Approval of the research protocol: The research protocol was approved by Weill Cornell Medicine‐Qatar (WCM‐Q) IRB (IRB# 15–00078) and Hamad Medical Corporation (HMC) IRB (IRB# 16324/16) in Qatar, Dasman Center for Research and Treatment of Diabetes in Kuwait IRB (IRB# IRBH1 IORG0005964), and King Fahad Medical City in KSA IRB (IRB# IRB00010471).
Informed consent: All participants consented to take part in the study.
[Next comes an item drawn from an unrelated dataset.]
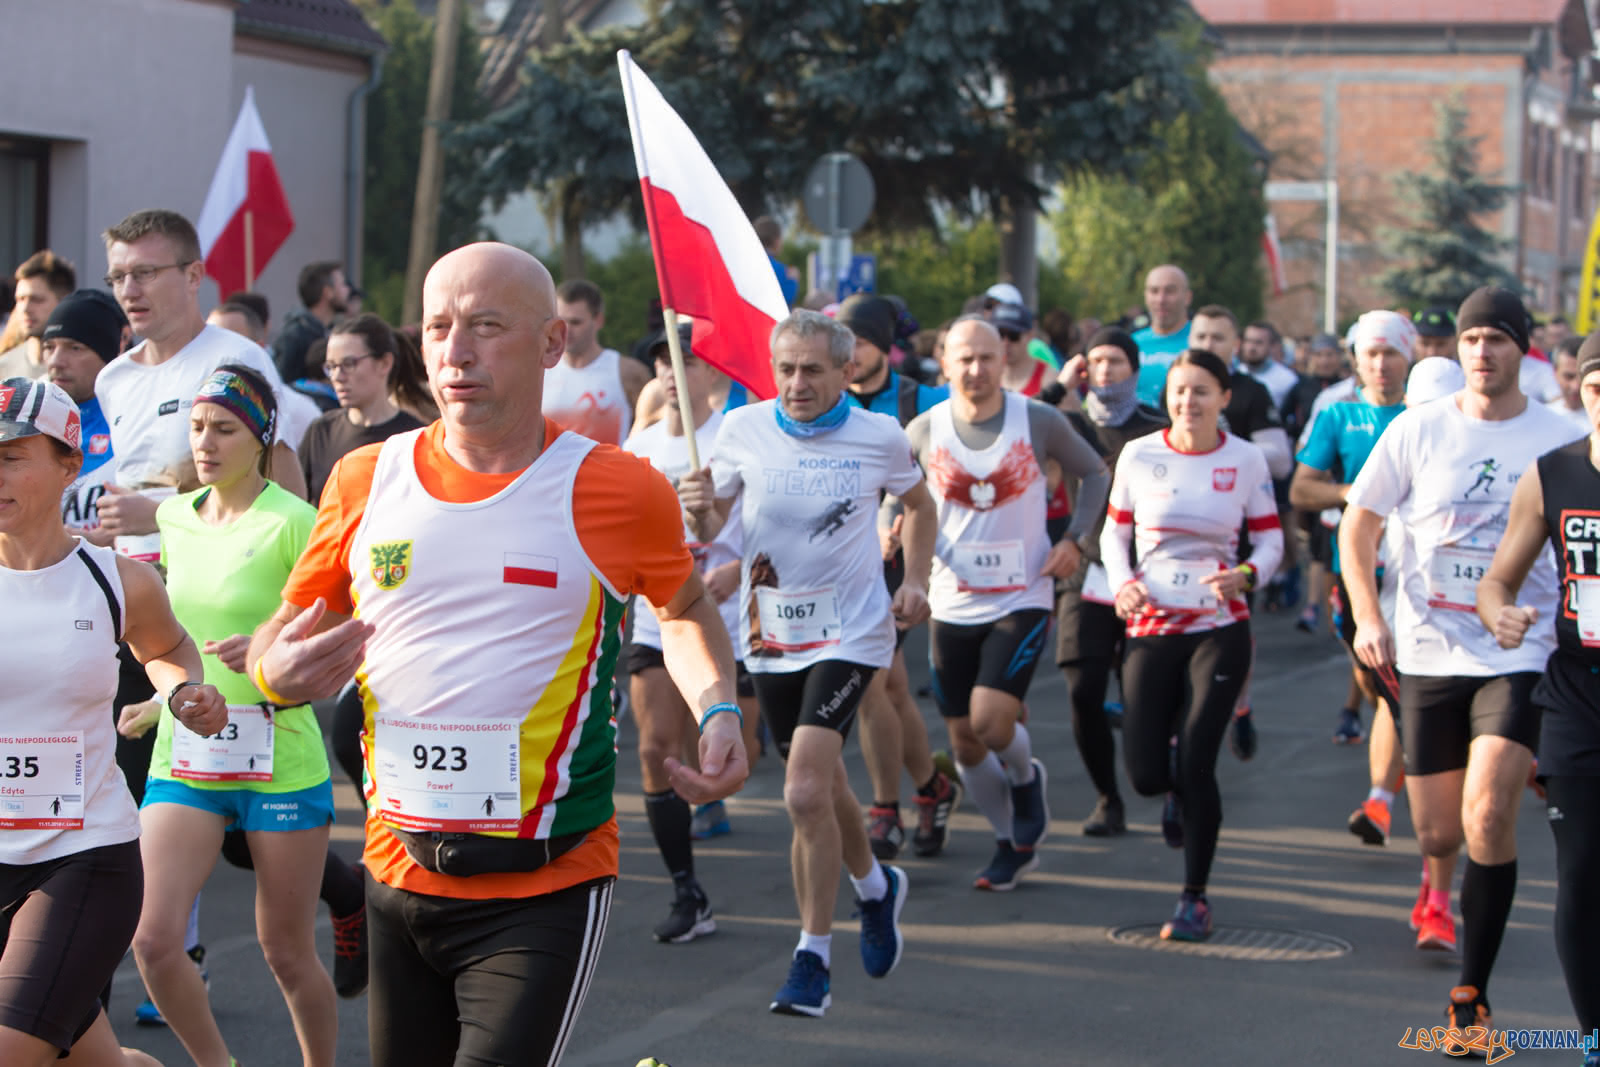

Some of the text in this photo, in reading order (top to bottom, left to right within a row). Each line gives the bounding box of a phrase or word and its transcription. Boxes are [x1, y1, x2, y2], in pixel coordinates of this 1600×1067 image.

The study acted in accordance with the tenets of the declaration of Helsinki.
Registry and the registration no. of the study/trial: N/A.
Animal studies: N/A.
Supporting information
ACKNOWLEDGMENTS
We thank the nurses and the physicians in the National Diabetes Centers, podiatry clinic and clinical laboratory at Dasman Diabetes Institute for their support, and all the participants for their efforts and commitment to be involved in the study.
Qatar National Research Fund, Grant BMRP‐5726113101. King Fahad Medical City, 17–057. This study received funding from Pfizer Gulf FZ LLC (W1230787) to purchase the neurothesiometers. The sponsor was not involved in any of the study activities.
[Correction added on May 17, 2022, after first online publication: Author name has been corrected as Imad Brema.]